AUTOMATED SCENE UNDERSTANDING:
Automated scene understanding is the task of being able to automatically describe a scene (algorithmically) given input data and imagery. Many scene understanding approaches in the machine learning literature rely on semantic segmentation approaches which require precise, detailed label information for a large body of training imagery. Yet this data is often difficult, if not infeasible, to obtain. Furthermore, most semantic segmentation approaches can only learn crisp segmentations of a scene and are incapable of describing regions of transition or gradients. FINS has ongoing studies for developing and implementing semi-supervised learning approaches that can use all available information about a scene and mitigate the need for large, precise training sets. Geo-tagged social media data, map data, analyst key-points, and any available ground-truth or scene information are used to guide this analysis. This type of ancillary data provides scene information that can be leveraged during hyperspectral analysis. However, this data is likely to be noisy, incomplete, or inaccurately registered. FINS is developing a framework and algorithms for semi-supervised multi- sensor fusion that can learn from imprecise labels. FINS is also developing soft segmentation approaches that can identify and describe gradients and regions of transitions in input imagery. This will allow for automated understanding of a wider range and more realistic scenarios than previously possible.

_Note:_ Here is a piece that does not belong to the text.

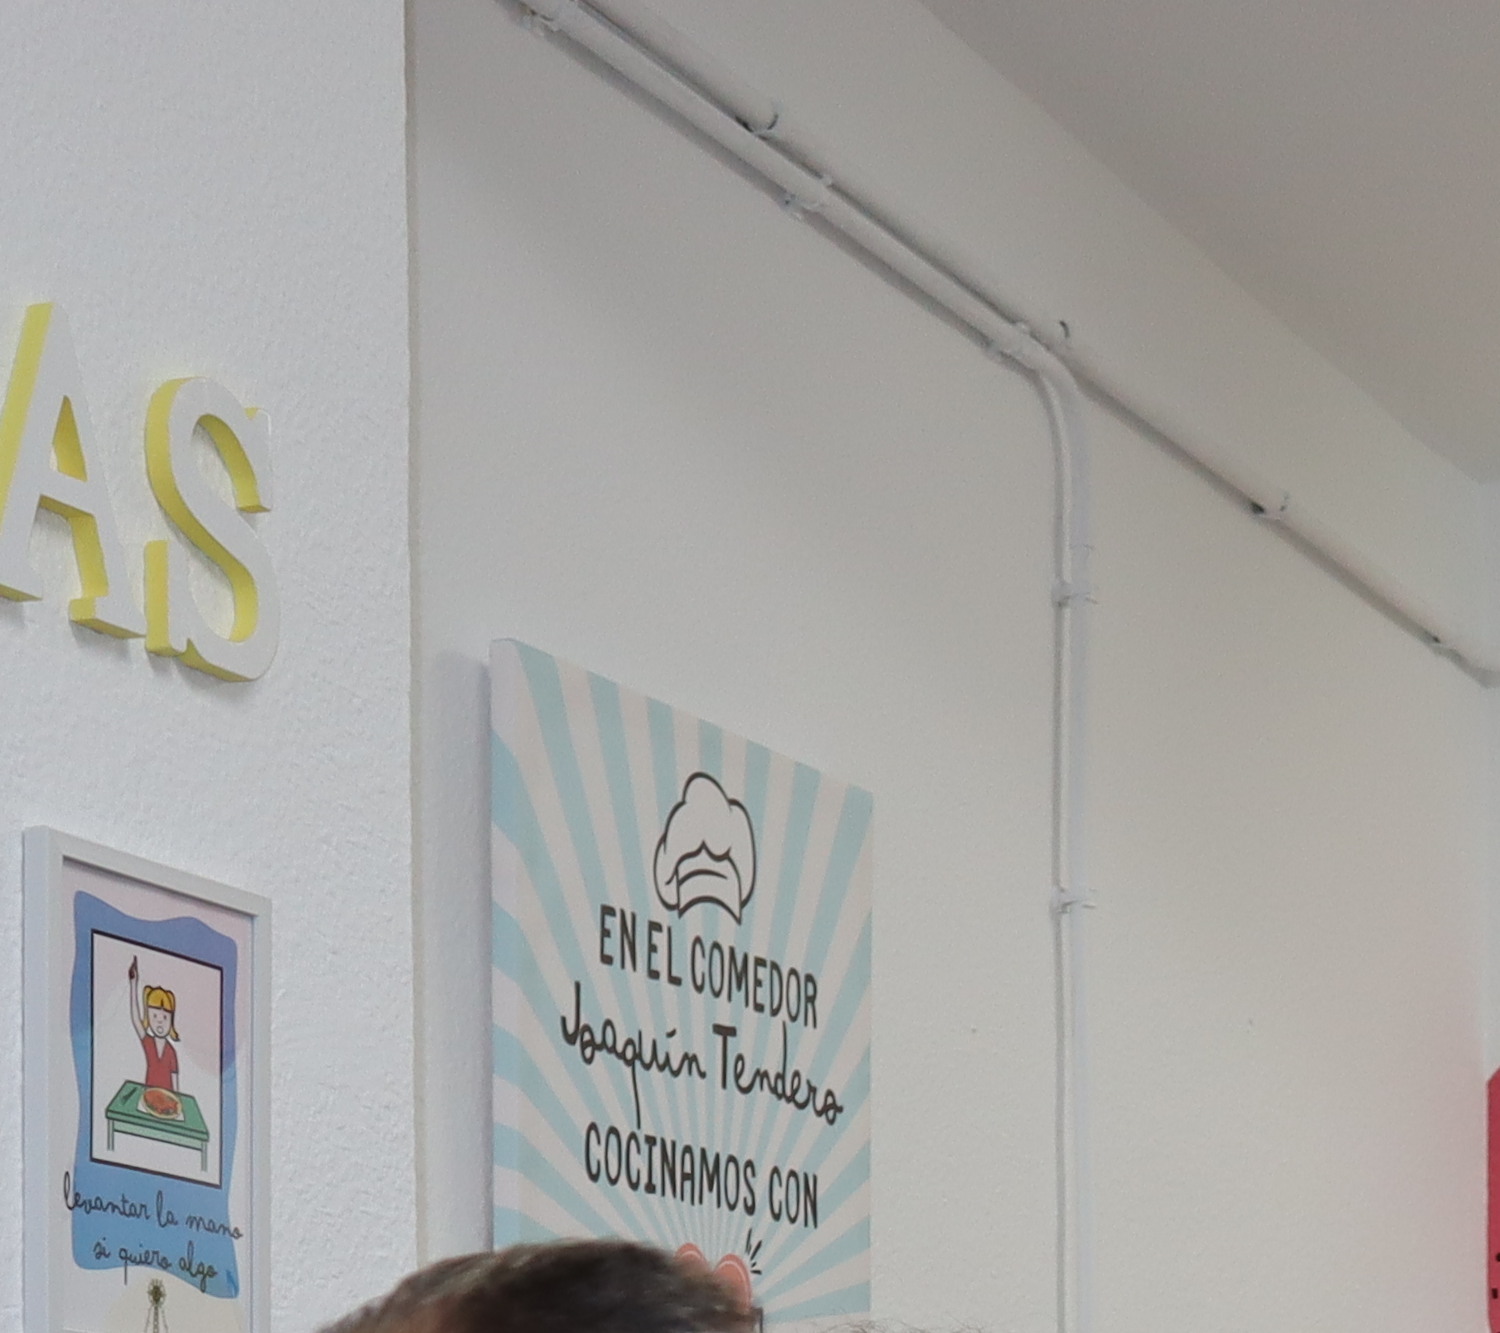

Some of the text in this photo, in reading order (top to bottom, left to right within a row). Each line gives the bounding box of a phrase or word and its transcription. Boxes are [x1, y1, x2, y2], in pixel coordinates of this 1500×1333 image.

TARGET CHARACTERIZATION FROM UNCERTAIN LABELS:
Most supervised Machine Learning algorithms assume that each training data point is paired with an accurate training label. However, obtaining accurate training label information is often times consuming and expensive. Human annotators may be inconsistent when labeling a data set, providing inherently imprecise label information. Training an accurate classifier or learning a representative target signature from this sort of uncertainly labeled training data is extremely difficult in practice. FINS is developing approaches that can perform target characterization even with this uncertainty. Target characterization learns characteristic, salient features for targets of interest which can then be used in detection applications. Research in this area provides practical methods that allow application of machine learning methods to problems that were previously bottle-necked by ground-truth requirements needed by traditional machine learning approaches.